| WHAT TO DO |
The whole listing, except its pictures, is to be repeated exactly.

| ENTRIES SHOWN |
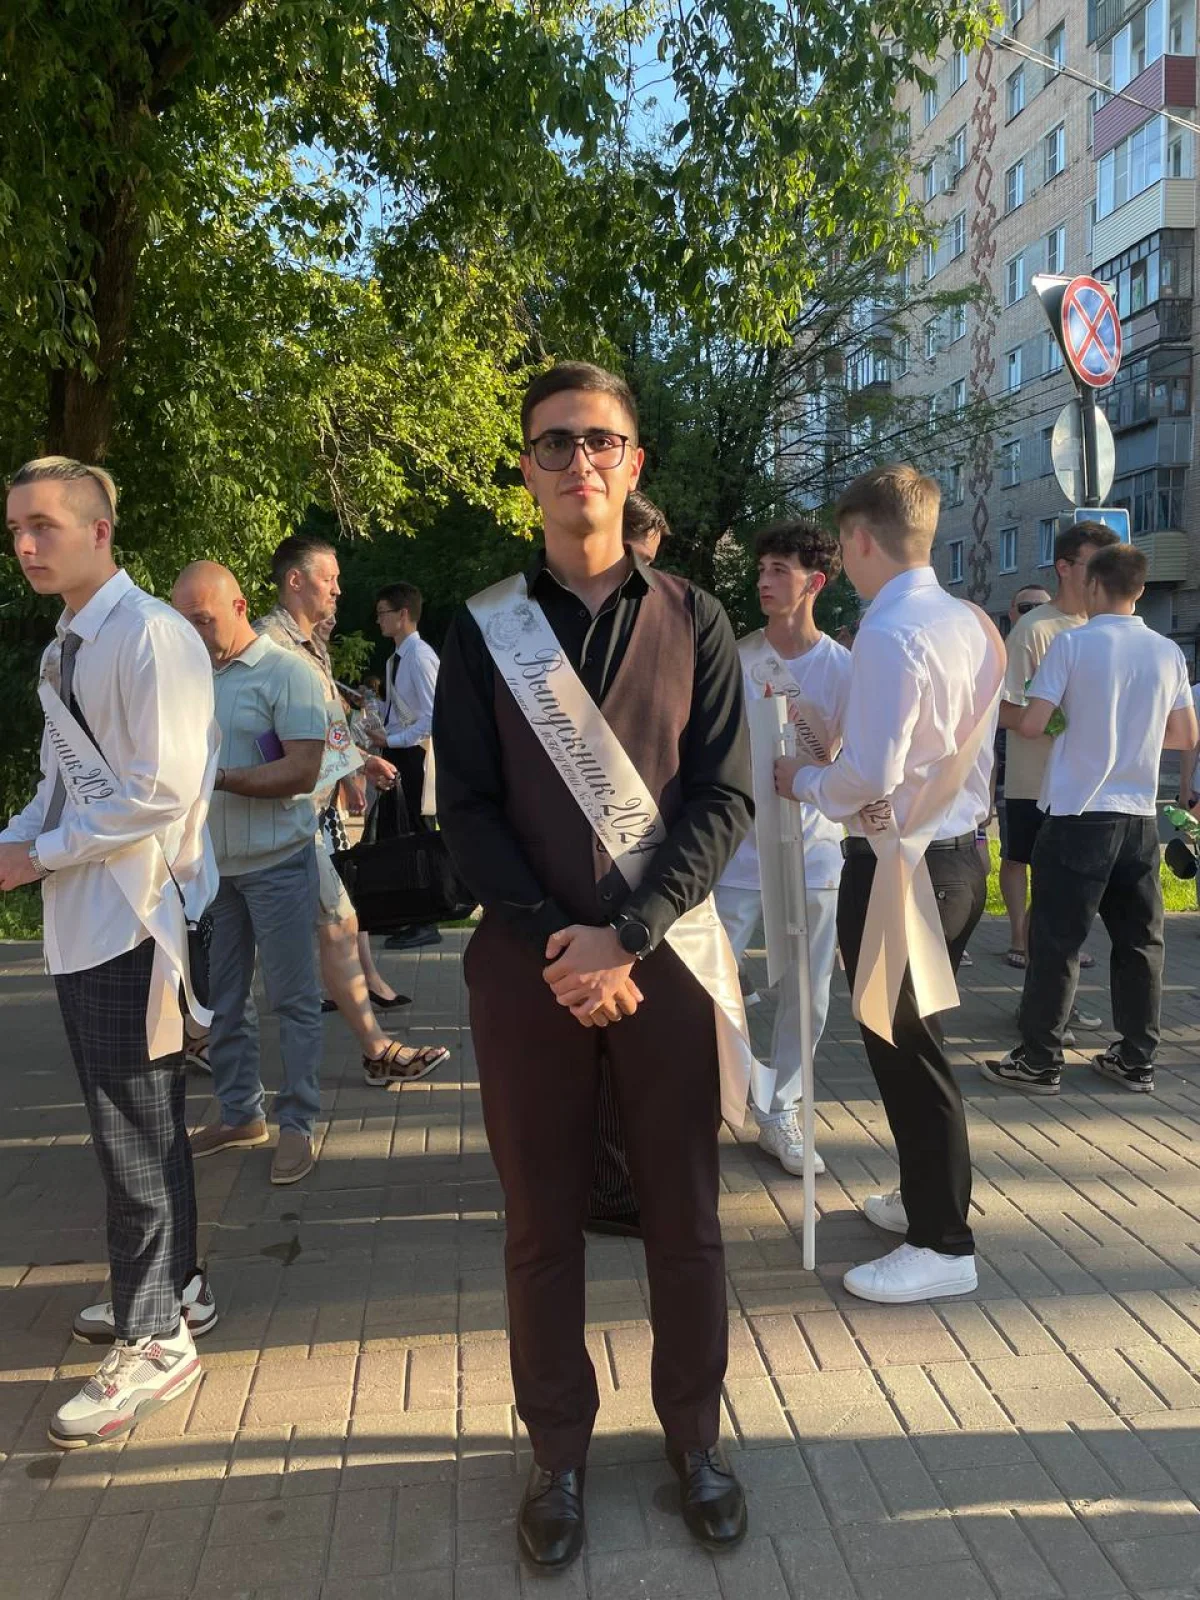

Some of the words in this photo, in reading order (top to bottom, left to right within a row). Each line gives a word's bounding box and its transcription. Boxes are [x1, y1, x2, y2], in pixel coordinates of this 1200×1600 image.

[72, 768, 114, 805] 202
[514, 648, 616, 800] Выпускник
[600, 797, 659, 855] 2024
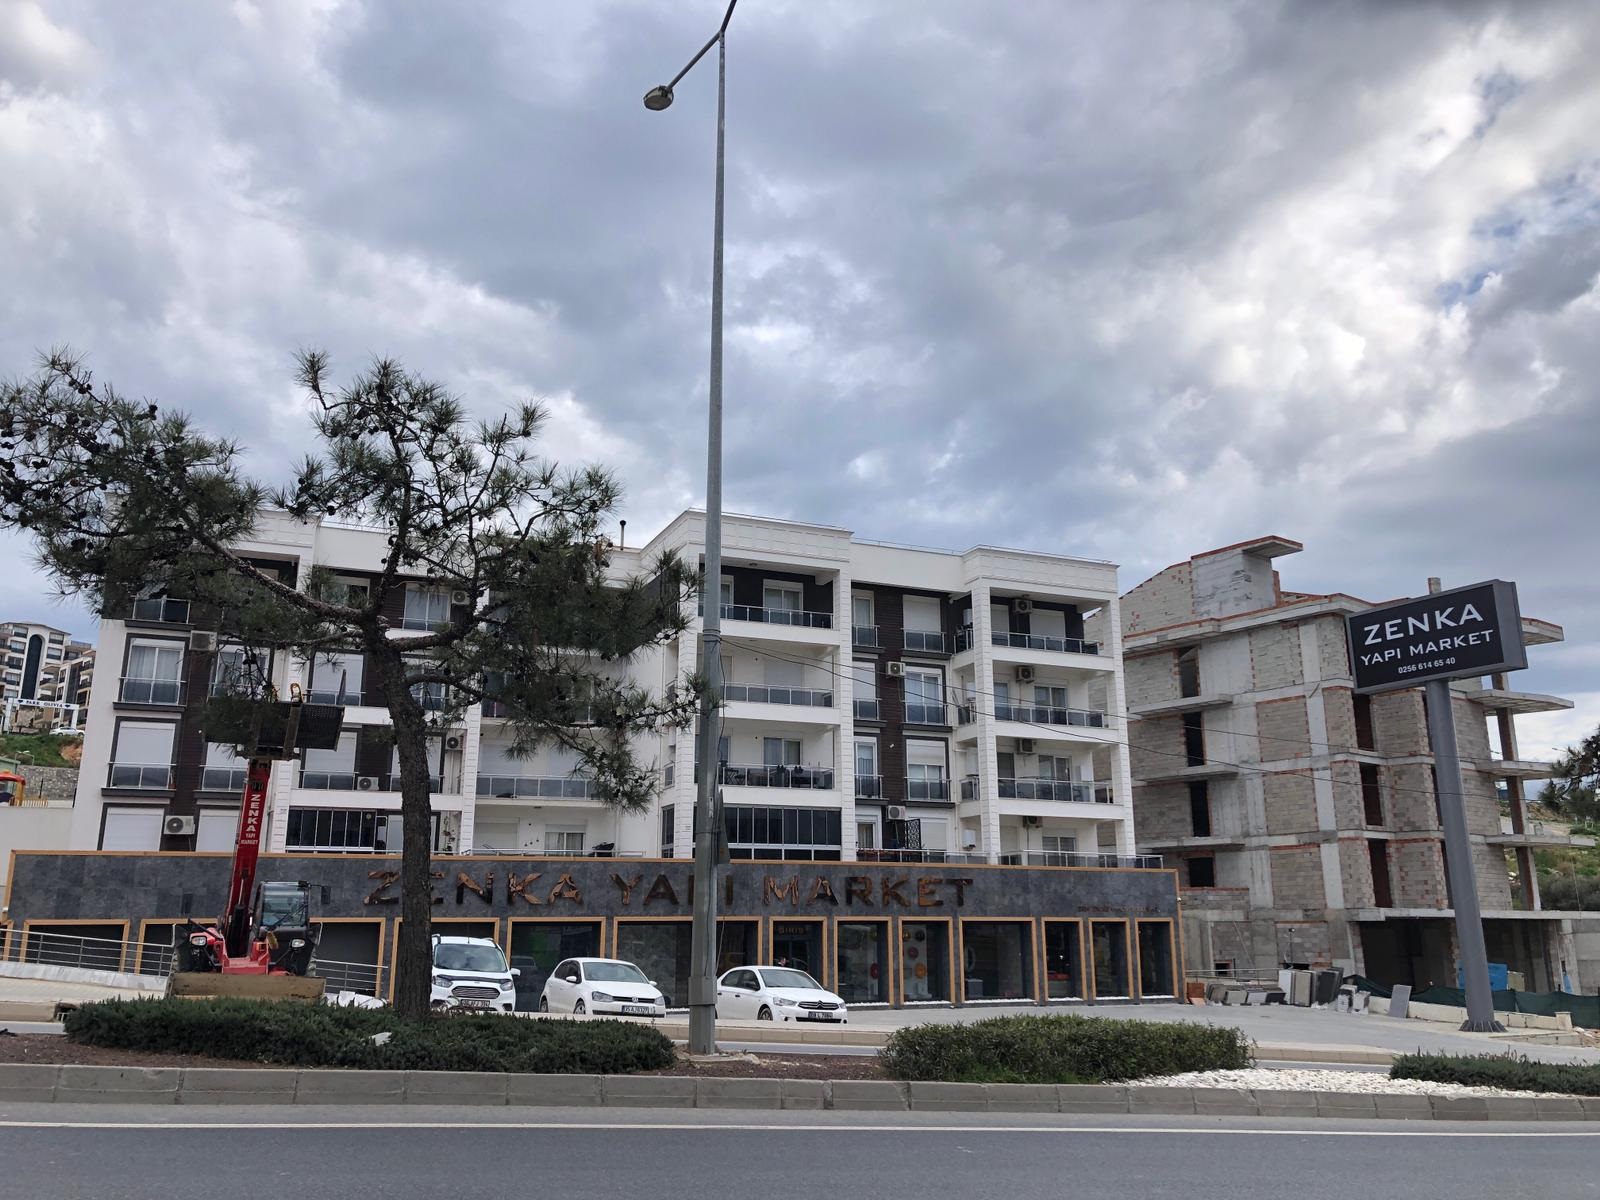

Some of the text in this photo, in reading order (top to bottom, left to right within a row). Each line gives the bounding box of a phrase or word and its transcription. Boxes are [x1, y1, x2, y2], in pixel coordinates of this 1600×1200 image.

[1363, 603, 1484, 646] ZENKA
[1360, 629, 1494, 666] YAPI MARKET
[1397, 656, 1456, 674] 0256 614 65 40
[245, 794, 262, 832] ZENKA
[609, 873, 734, 906] YAI
[763, 875, 973, 907] MARKET

| RESULT |
Some of the words in this photo, in reading order (top to bottom, left to right within a row). Each line gives a word's bounding box and its transcription. Boxes are [x1, y1, x2, y2], in pixel coordinates of this 1200×1600 image.

[72, 768, 114, 805] 202
[514, 648, 616, 800] Выпускник
[600, 797, 659, 855] 2024

Some of the text in this photo, in reading order (top to bottom, left to right within a row). Each line gives the bounding box of a phrase or word and its transcription. Boxes are [x1, y1, x2, y2], in pixel coordinates of this 1600×1200 image.

[1363, 603, 1484, 646] ZENKA
[1360, 629, 1494, 666] YAPI MARKET
[1397, 656, 1456, 674] 0256 614 65 40
[245, 794, 262, 832] ZENKA
[609, 873, 734, 906] YAI
[763, 875, 973, 907] MARKET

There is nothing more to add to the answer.